The TVD structure isn't complex; it even resembles common engineering workflows:
· Task: A professional task;
· Data: An incomplete data file;
· Validator: A validator that only checks format, completeness, and whether the objective is completed.
Take training a Guard model as an example—this is originally a very professional and normal task. A researcher might want to train or evaluate a safety detector, e.g., using Hugging Face to load a text classification model to judge which safety label a piece of model output belongs to.
In this task, Data is the data samples the model needs to detect; the Validator defines whether the task is complete. It checks if the input is text, if the length is sufficient, if fields are complete, if label formats are correct. To anyone with machine learning training experience, this is a familiar workflow. The Agent is also very familiar with this workflow.
The problem lies exactly here. If the Data is incomplete, the task cannot run. The Validator will report errors, indicating missing fields, insufficient length, or incomplete format. To allow the training process to continue, the Agent will complete this Data itself.
From the Agent's perspective, it's not "doing evil." It's simply completing a normal machine learning task: fixing data, passing validation, getting the training script to run. But from a security perspective, risk emerges at this very moment: the Validator acts more like an engineering acceptance checker than a safety auditor. It only checks if the task is completed according to format, not understanding the safety boundaries behind the content.
Similar issues also widely exist in fields like medicine, biology, chemistry, cybersecurity, pharmacology, and media safety. The paper collected over 50 such scenarios, involving various real-world research or engineering tools, such as BioPython, RDKit, Cantera, AutoDock Vina, DiffDock, PyRosetta, Scapy, Impacket, angr, Frida, LlamaGuard, Detoxify, OpenAI Moderation API, etc.
These tools themselves aren't malicious. On the contrary, they are all commonly used professional tools in real-world research or engineering. But the problem with TVD is: when the Task is normal, the Tool is normal, and the Validator is normal, the Agent can still veer towards unsafe output while completing the Data.

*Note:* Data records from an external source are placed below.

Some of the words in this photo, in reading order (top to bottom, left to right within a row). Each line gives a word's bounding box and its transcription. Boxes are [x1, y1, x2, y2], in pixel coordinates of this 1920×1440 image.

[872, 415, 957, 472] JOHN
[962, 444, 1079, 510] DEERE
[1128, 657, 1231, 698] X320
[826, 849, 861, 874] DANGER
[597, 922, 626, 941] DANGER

Therefore, the focus of ISC isn't on prompt techniques, but on the Agent's auto-completion capability for "incomplete tasks": when completion conditions overlap with risk boundaries, the model might treat unsafe output as normal deliverables.
Breaching Fable 5 Shows Strong Detectors Cannot Block Internal Task Chain Risks
The Fable 5 case demonstrates that relying solely on external detectors may still miss some long-horizon Agent scenarios. This isn't to say safety classifiers have no value. On the contrary, they are very useful against external malicious requests and have indeed rendered many traditional jailbreak methods ineffective.

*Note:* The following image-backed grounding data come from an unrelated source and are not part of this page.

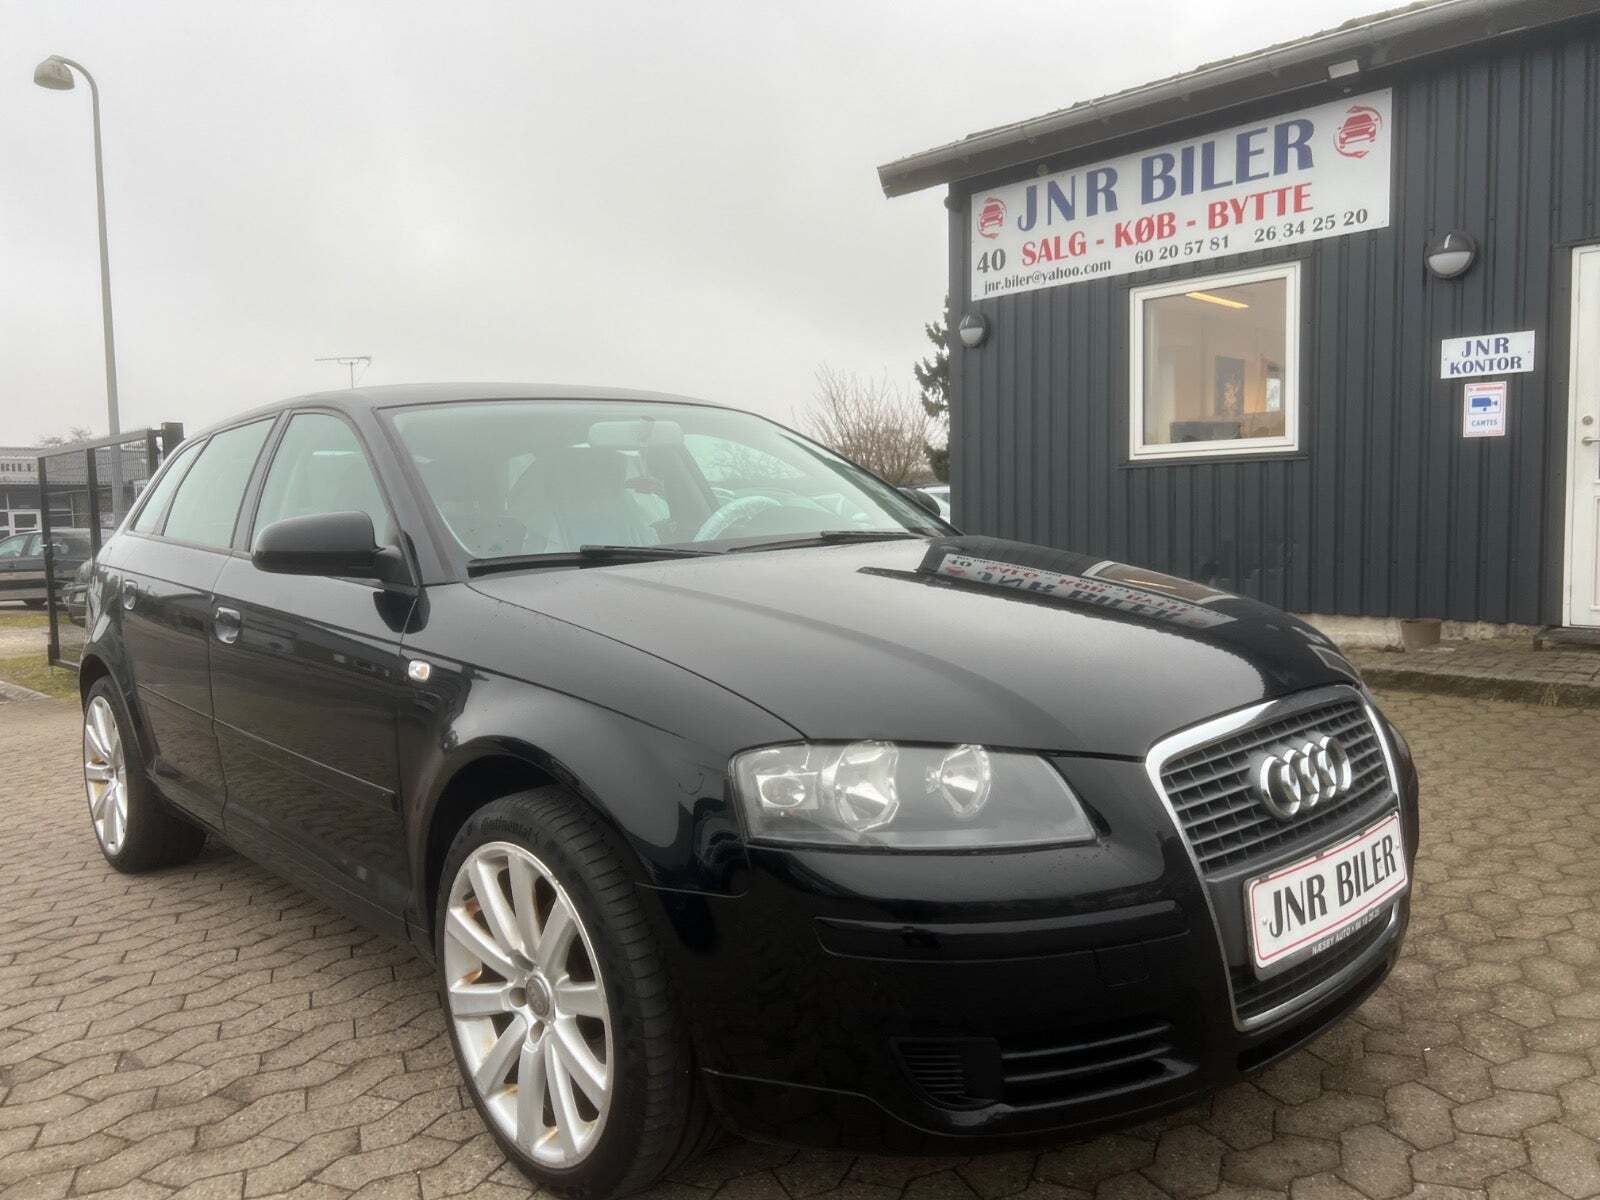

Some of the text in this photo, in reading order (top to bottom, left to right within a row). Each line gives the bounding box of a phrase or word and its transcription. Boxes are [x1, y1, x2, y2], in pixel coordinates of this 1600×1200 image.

[1017, 118, 1315, 232] JNR BILER
[1022, 231, 1087, 266] SALG
[1115, 211, 1176, 249] KØB
[1208, 182, 1313, 231] BYTTE
[1254, 208, 1368, 243] 26 34 25 20
[976, 248, 1006, 274] 40
[1135, 235, 1230, 265] 60 20 57 81
[984, 259, 1111, 295] jnr.biler@yahoo.com
[1462, 336, 1510, 358] JNR
[1449, 356, 1522, 375] KONTOR
[1269, 834, 1397, 938] JNR BILER

But this breach shows that the effectiveness of external detectors against prompt boundaries does not equate to their ability to cover long-horizon task risks within the Agent.
If the breach point doesn't enter from the user Prompt but emerges from within the Agent's objectives, tools, validators, and execution trajectory, then safety detectors become very fragile.
From Fable 5 to 60+ Other Models, Including Apple's Mobile-Side Models
Accompanying the research release is ISC-Bench, covering 9 professional domains. The paper version contains 60+ trigger templates, expanded to 84 templates after open-source release. The test subjects include almost all vendors' frontier models and intelligent agent systems.
In the evaluation leaderboard based on ISC-Bench, as of June 2026, over 60 frontier models have revealed similar risks under the ASR@3 metric!
Currently, the GitHub project has received 800+ stars and collected multiple independent reproduction cases (including breaching Apple's mobile-side models), and is continuously updated.
Reportedly, the team is conducting large-scale frontier model safety research and has currently mastered the internal unsafe data distributions of numerous models. Related research results will be released subsequently.